What might these conversations with shared intentionality or embodied enaction between therapist and patient look like in musculoskeletal physiotherapy? I would suggest that it might look exactly like what would occur if the patient was a passive recipient. The activity of a student in a lecture described above would be undetectable in an audio recording of the lecture because the medium of the interaction was not perceived. Similarly, the activity of a patient is likely to be undetectable by someone watching the interaction because the medium is either not visible or not noticed.

Let us return to therapist–patient interactions. An embodied action is difficult to reduce to words, but an imperfect translation of such a conversation lasting several minutes might be something like in the box below.
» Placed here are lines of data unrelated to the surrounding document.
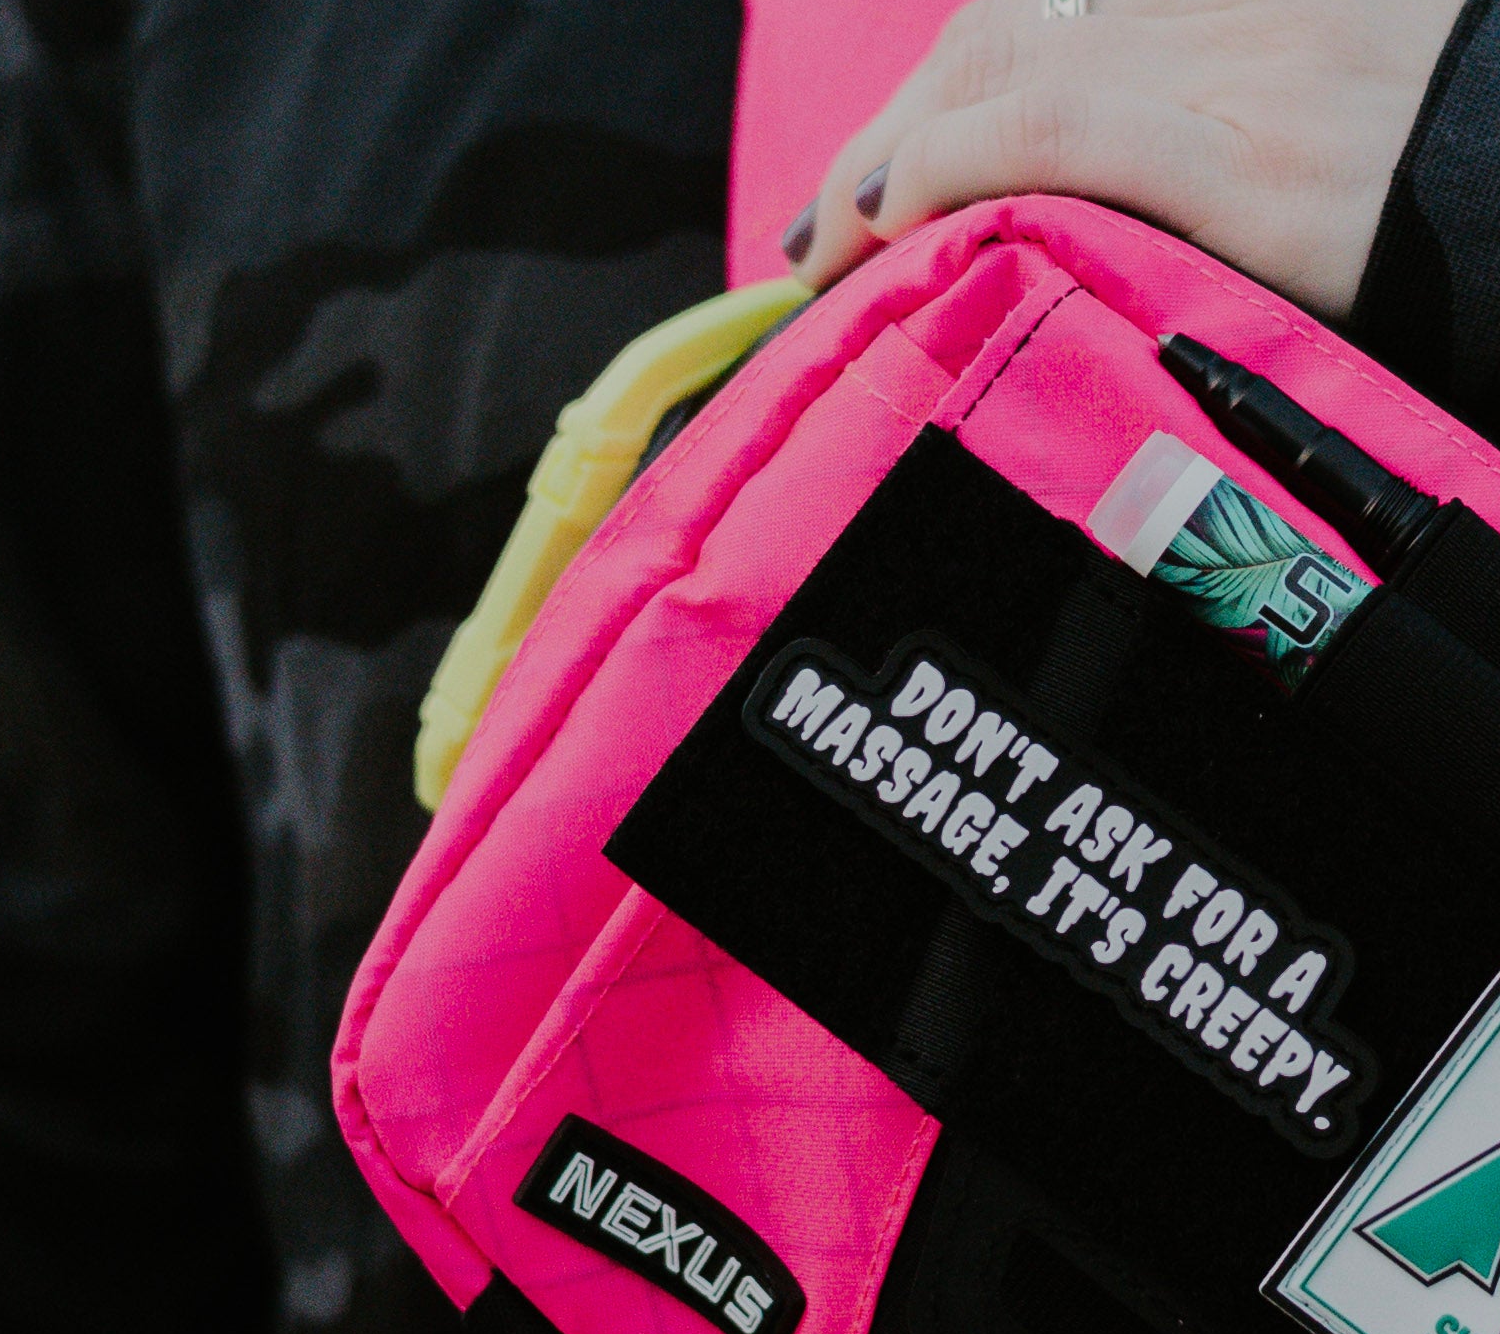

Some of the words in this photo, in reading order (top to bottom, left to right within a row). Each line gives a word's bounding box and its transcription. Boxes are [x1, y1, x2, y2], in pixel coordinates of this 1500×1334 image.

[772, 667, 1030, 894] MASSAGE,
[1025, 855, 1147, 964] IT'S
[1140, 943, 1351, 1130] CREEPY.
[890, 660, 1060, 804] DON'T
[1044, 783, 1173, 893] ASK
[1162, 863, 1279, 977] FOR
[1267, 950, 1327, 1014] A
[549, 1152, 774, 1334] NEXUS
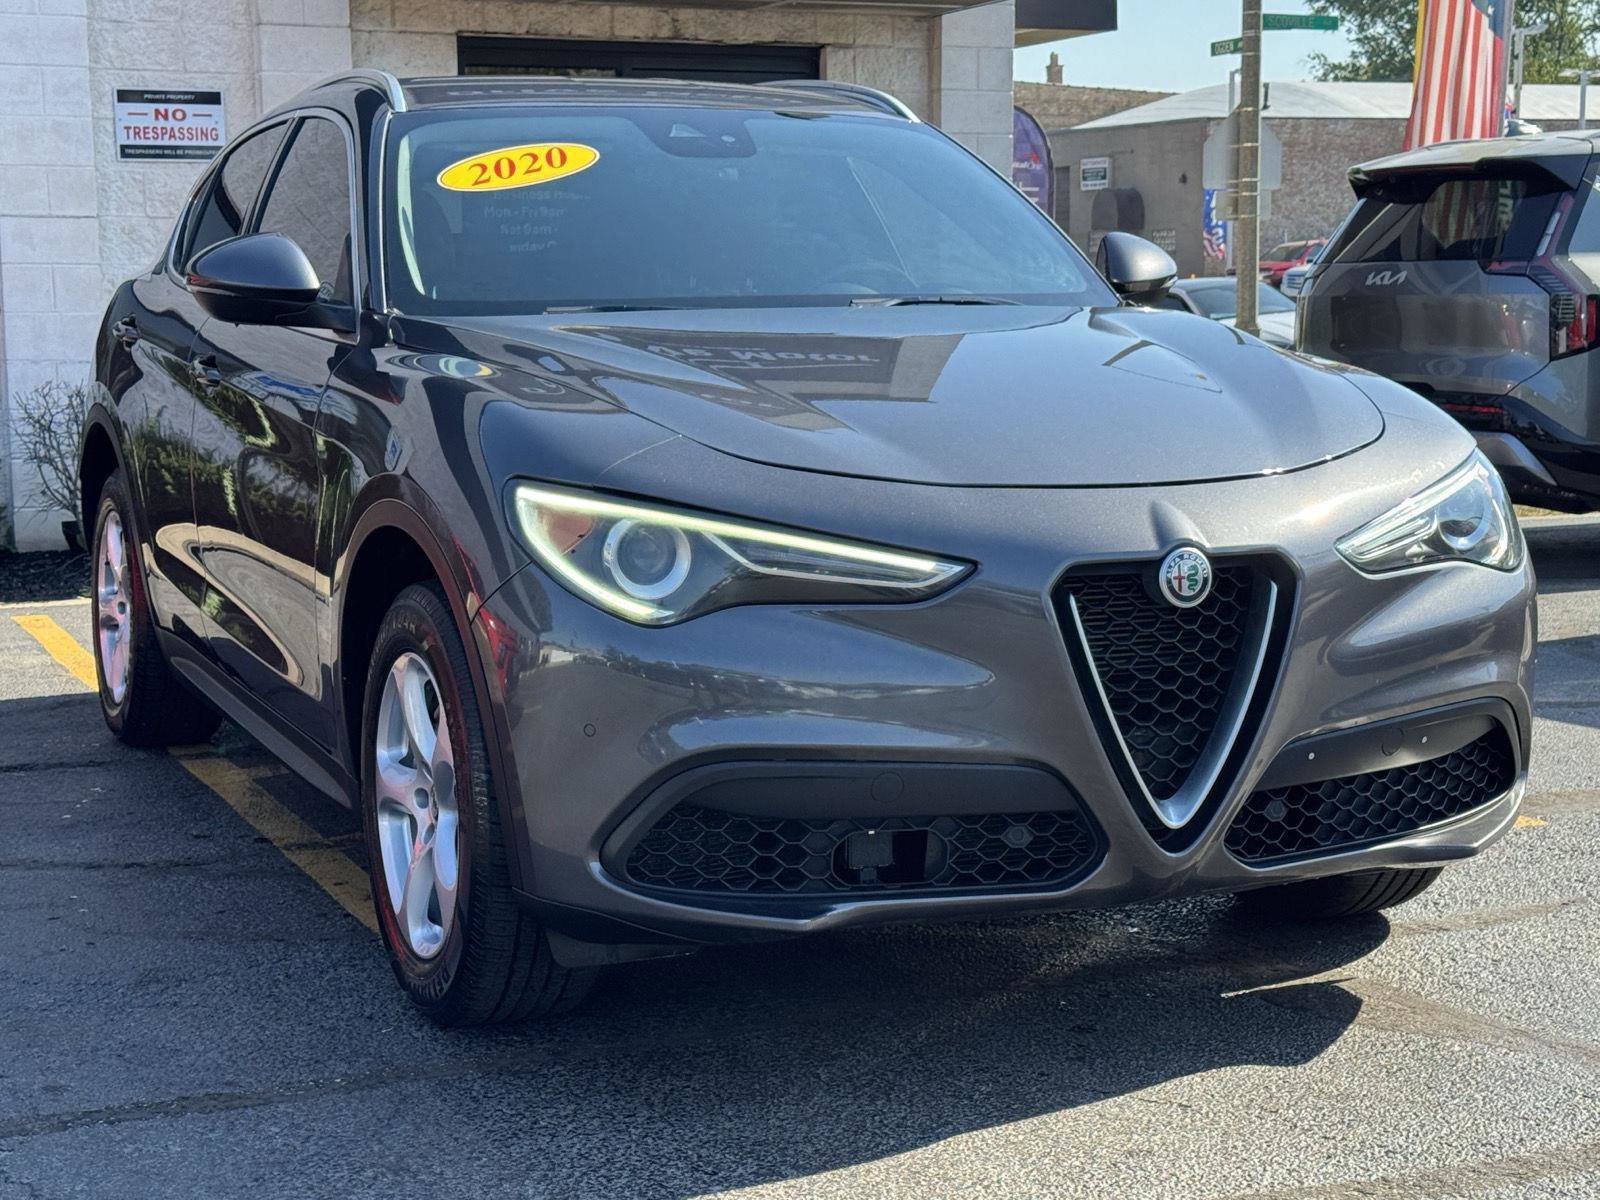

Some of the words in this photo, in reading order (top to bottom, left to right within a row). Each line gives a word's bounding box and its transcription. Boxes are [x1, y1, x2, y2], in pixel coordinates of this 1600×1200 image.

[153, 107, 187, 122] NO
[123, 125, 219, 141] TRESPASSING
[468, 146, 568, 187] 2020
[1365, 270, 1407, 286] KIA
Verbal conversations can occur as entirely verbal interactions, as with a phone call, or the verbal component can be augmented by non-verbal components such as gesture or touch. Similarly, tactile conversations can occur as completely tactile interactions or be augmented with a verbal component. Below is a hypothetical example of such a conversation pieced together from personal observations and discussions with both therapists and patients about their experience during so-called passive mobilisation of the cervical spine. Although the verbal content shown here can augment the conversation, we would suggest that an entire tactile therapeutic conversation can occur without any verbal interaction.

In the following table:

Tactile content from the patient is in plain text;

Tactile content from the therapist is in italics;

Verbal content from the patient is in bold;

Verbal content from the therapist is in bold italics.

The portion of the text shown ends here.